■ EXERCISE GOAL: Retype the data that follows exactly. No pictures belong in the copy.

■ EXERCISE MATERIAL:
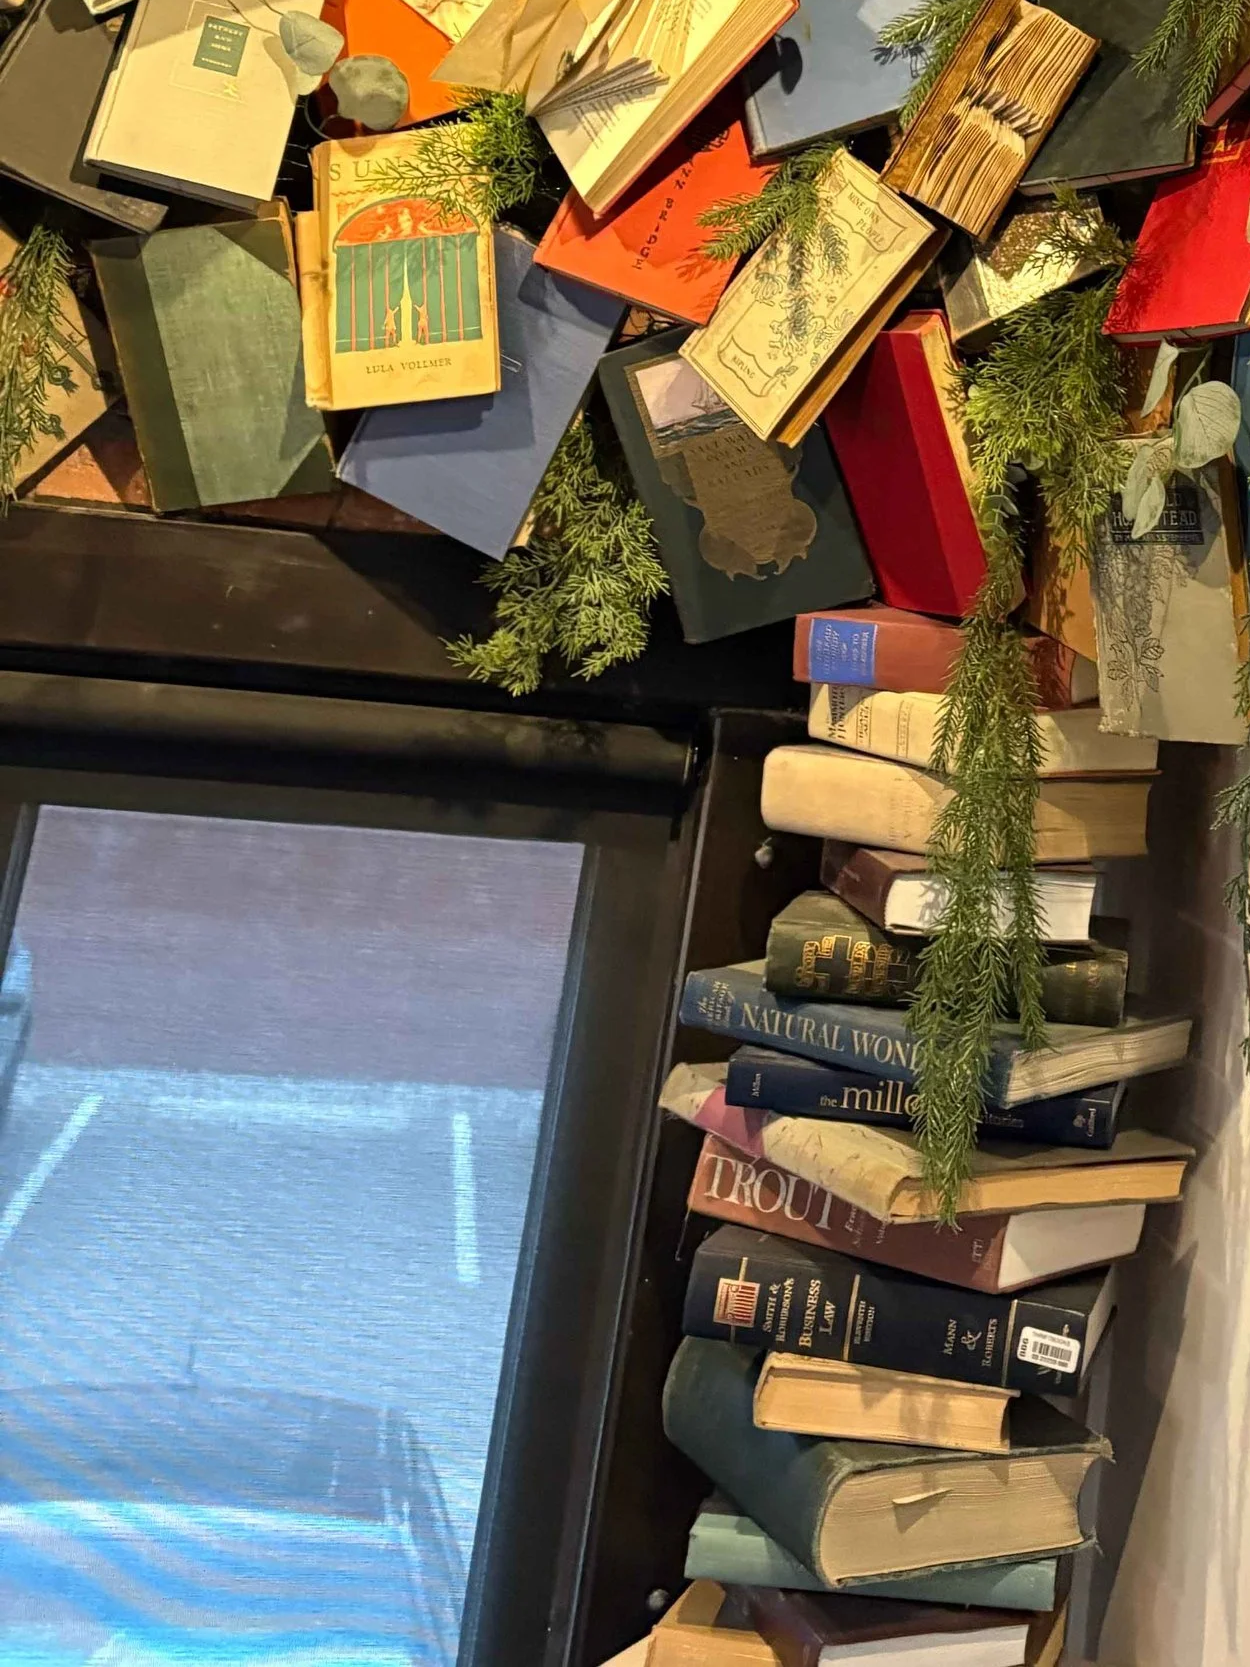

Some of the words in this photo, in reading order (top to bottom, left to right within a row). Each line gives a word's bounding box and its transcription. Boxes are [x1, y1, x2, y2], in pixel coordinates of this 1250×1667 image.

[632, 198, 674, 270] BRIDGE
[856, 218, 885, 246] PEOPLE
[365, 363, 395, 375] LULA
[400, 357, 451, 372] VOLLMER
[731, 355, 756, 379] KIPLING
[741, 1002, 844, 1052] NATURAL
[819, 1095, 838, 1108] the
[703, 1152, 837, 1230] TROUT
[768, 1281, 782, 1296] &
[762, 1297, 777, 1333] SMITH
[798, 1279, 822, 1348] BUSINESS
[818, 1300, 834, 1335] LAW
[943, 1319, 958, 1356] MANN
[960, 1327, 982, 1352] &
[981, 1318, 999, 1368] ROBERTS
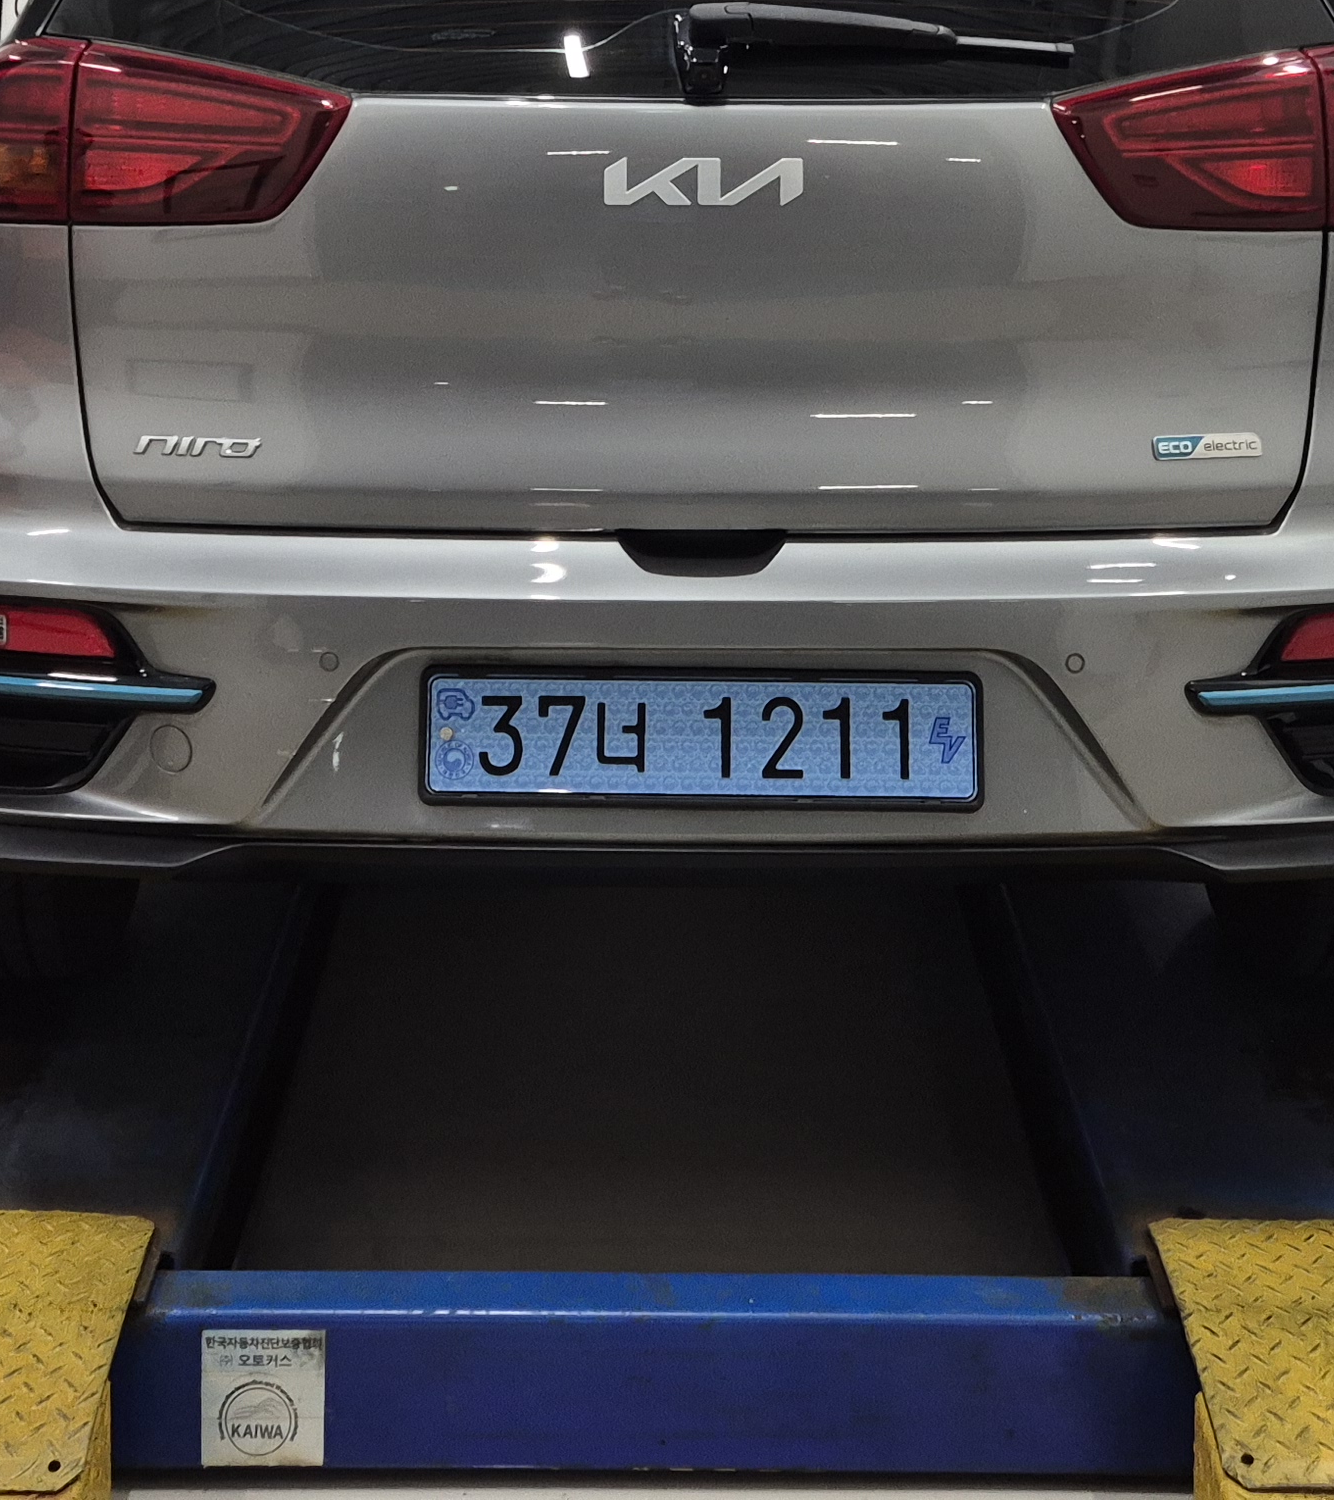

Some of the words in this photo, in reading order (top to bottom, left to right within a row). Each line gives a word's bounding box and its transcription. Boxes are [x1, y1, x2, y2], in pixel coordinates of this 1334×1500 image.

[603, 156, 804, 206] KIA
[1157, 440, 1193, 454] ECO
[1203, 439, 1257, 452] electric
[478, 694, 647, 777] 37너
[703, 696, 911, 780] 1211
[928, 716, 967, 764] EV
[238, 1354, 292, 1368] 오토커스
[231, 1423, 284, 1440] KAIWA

■ REPLY:
Some of the words in this photo, in reading order (top to bottom, left to right within a row). Each line gives a word's bounding box and its transcription. Boxes are [x1, y1, x2, y2], in pixel coordinates of this 1250×1667 image.

[632, 198, 674, 270] BRIDGE
[856, 218, 885, 246] PEOPLE
[365, 363, 395, 375] LULA
[400, 357, 451, 372] VOLLMER
[731, 355, 756, 379] KIPLING
[741, 1002, 844, 1052] NATURAL
[819, 1095, 838, 1108] the
[703, 1152, 837, 1230] TROUT
[768, 1281, 782, 1296] &
[762, 1297, 777, 1333] SMITH
[798, 1279, 822, 1348] BUSINESS
[818, 1300, 834, 1335] LAW
[943, 1319, 958, 1356] MANN
[960, 1327, 982, 1352] &
[981, 1318, 999, 1368] ROBERTS

Some of the words in this photo, in reading order (top to bottom, left to right within a row). Each line gives a word's bounding box and its transcription. Boxes are [x1, y1, x2, y2], in pixel coordinates of this 1334×1500 image.

[603, 156, 804, 206] KIA
[1157, 440, 1193, 454] ECO
[1203, 439, 1257, 452] electric
[478, 694, 647, 777] 37너
[703, 696, 911, 780] 1211
[928, 716, 967, 764] EV
[238, 1354, 292, 1368] 오토커스
[231, 1423, 284, 1440] KAIWA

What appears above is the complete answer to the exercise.